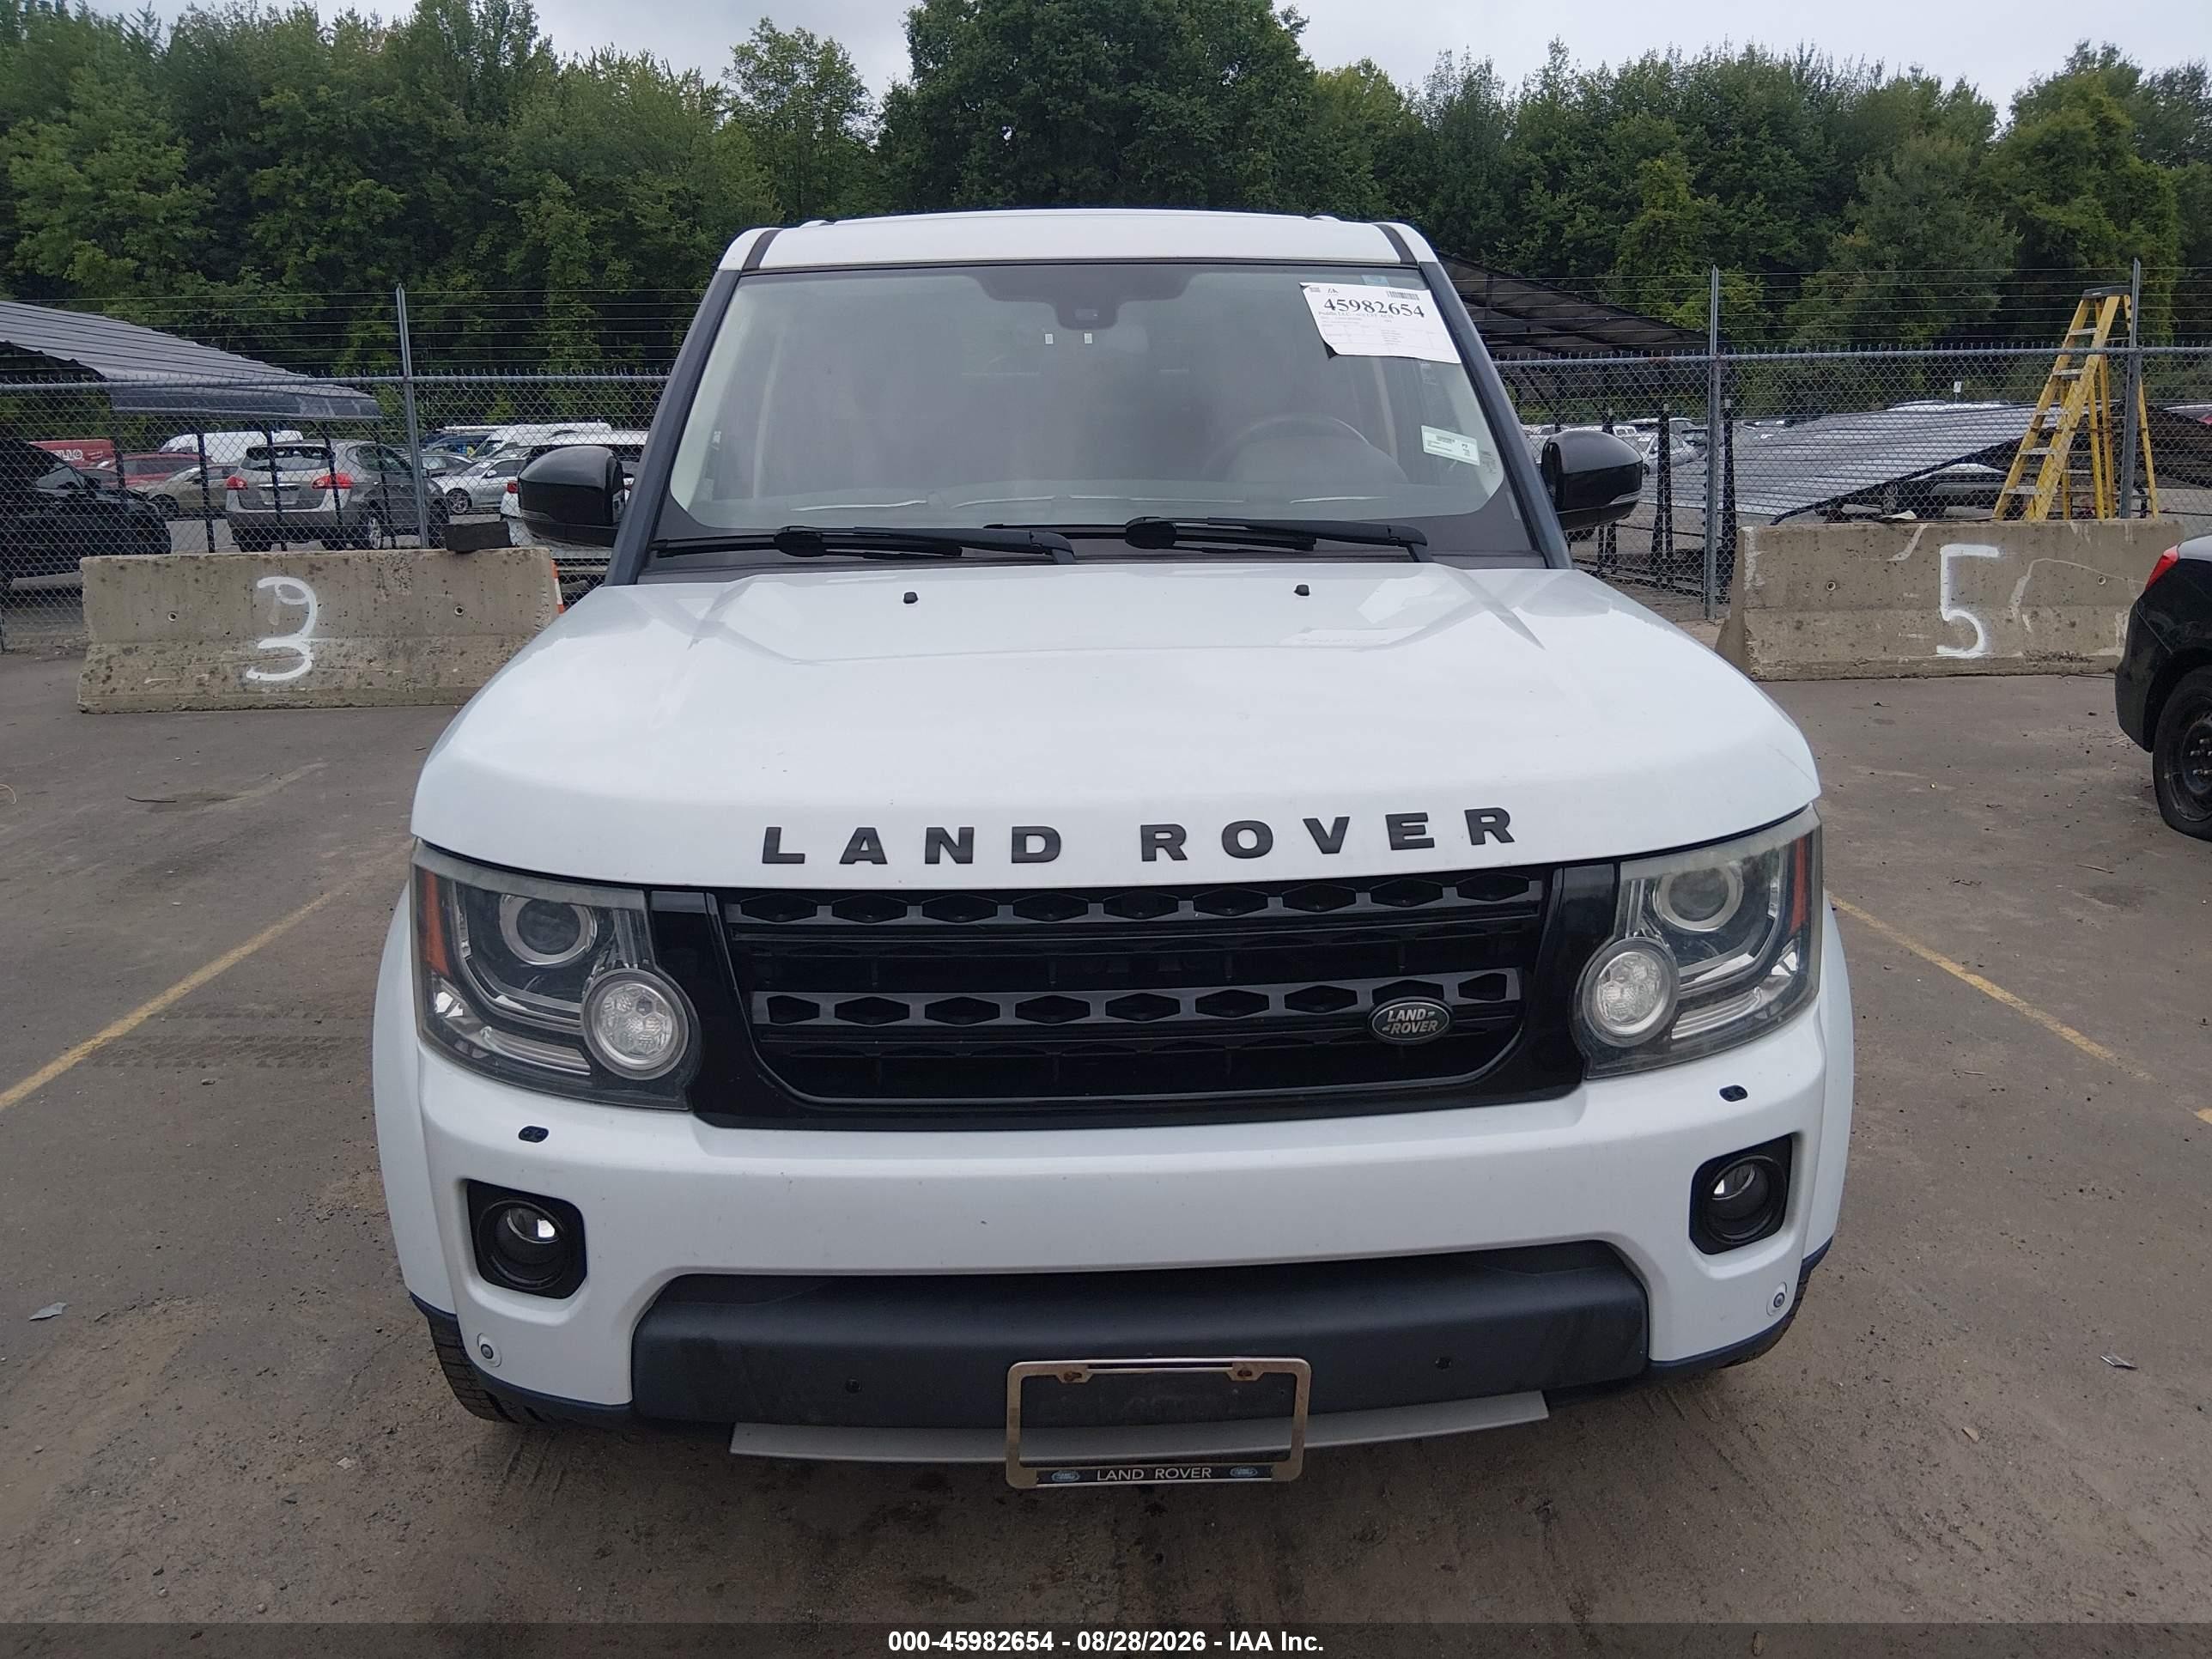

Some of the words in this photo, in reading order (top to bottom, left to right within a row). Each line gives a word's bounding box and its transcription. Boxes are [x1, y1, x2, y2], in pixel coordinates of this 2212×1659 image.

[1323, 298, 1425, 318] 45982654
[1936, 544, 2001, 659] 5
[246, 576, 319, 682] 3
[762, 826, 1062, 865] LAND
[1139, 807, 1516, 862] ROVER
[1387, 1008, 1426, 1023] LAND
[1389, 1019, 1438, 1034] ROVER
[1097, 1468, 1145, 1481] LAND
[1155, 1467, 1212, 1480] ROVER
——————————
▶ _Task to carry out_:
In your copy of the material, every word must match and no image should appear.

▶ _Solution to this problem_:
Some of the words in this photo, in reading order (top to bottom, left to right within a row). Each line gives a word's bounding box and its transcription. Boxes are [x1, y1, x2, y2], in pixel coordinates of this 2212×1659 image.

[1323, 298, 1425, 318] 45982654
[1936, 544, 2001, 659] 5
[246, 576, 319, 682] 3
[762, 826, 1062, 865] LAND
[1139, 807, 1516, 862] ROVER
[1387, 1008, 1426, 1023] LAND
[1389, 1019, 1438, 1034] ROVER
[1097, 1468, 1145, 1481] LAND
[1155, 1467, 1212, 1480] ROVER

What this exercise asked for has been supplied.